Dominique THIERREEAubert & Duval

Metallurgical Department

Jacques BELLUSAubert & Duval

Grades R&D Department

Jean-Marc LARDONAubert & Duval

Applications Engineering Department

Abdelaziz ADDADAubert & Duval

Marketing Department

A subsidiary of the ERAMET Group in its Alloys division, Aubert & Duval designs cutting-edge metallurgical solutions in the form of parts or long products for the projects of the most demanding industries (aerospace, energy, defence, industrial tooling, motor racing, medical, etc.). Its core business is developing, melting and hot transformation (by open and closed die-forging, rolling or powder metallurgy) special steels, superalloys and aluminum or titanium alloys to meet its customers’ most stringent requirements.

For 70 years, Aubert & Duval has been serving defence industries, mainly by producing:

• Gun barrel blanks for small, medium and large calibres

• Missile casings,

• Critical parts for submarines, military aircraft engines, launchers and satellites.

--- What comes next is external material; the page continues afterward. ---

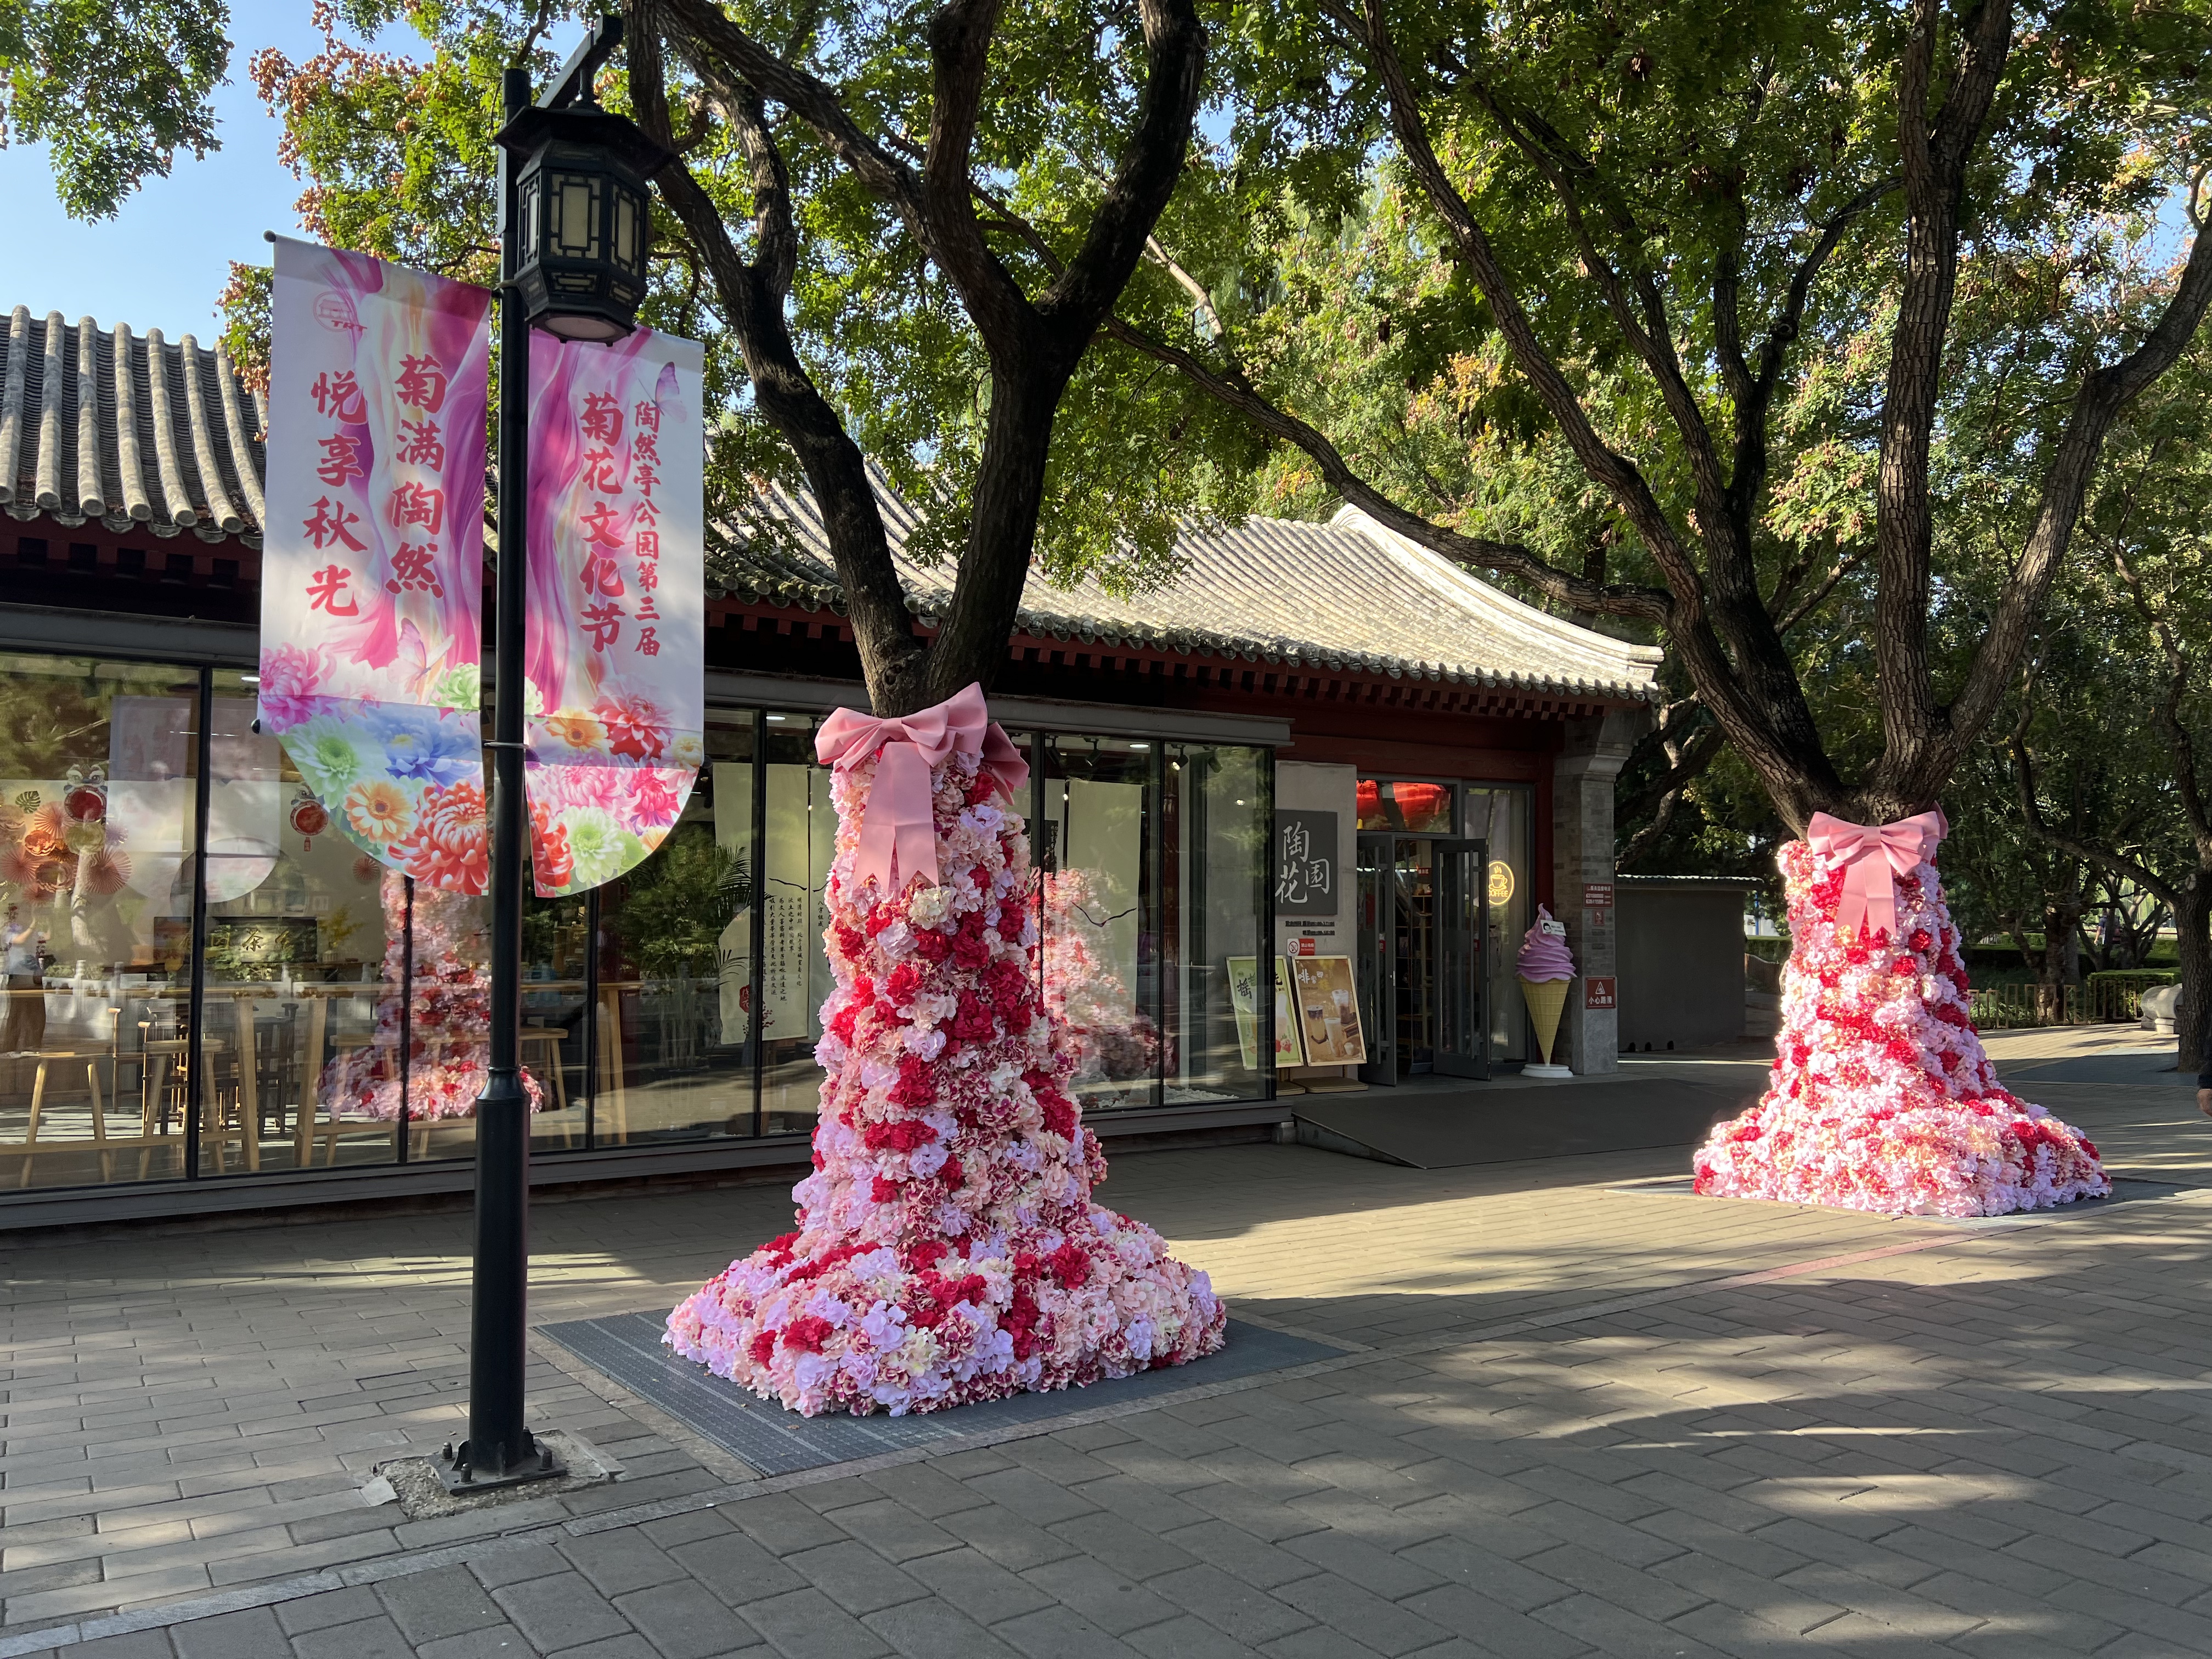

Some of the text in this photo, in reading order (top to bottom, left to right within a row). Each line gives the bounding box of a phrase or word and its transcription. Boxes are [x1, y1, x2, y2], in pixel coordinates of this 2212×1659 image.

Small calibre guns: requirements and issues

Properties in use of “small calibre” tubes

For the sake of safety and reliability, the gun barrel has to be able to withstand very high pressure on firing and also have great resistance to bursting without projecting material from the barrel. This strength must be guaranteed over a wide range of environmental conditions including temperatures down to – 40°C.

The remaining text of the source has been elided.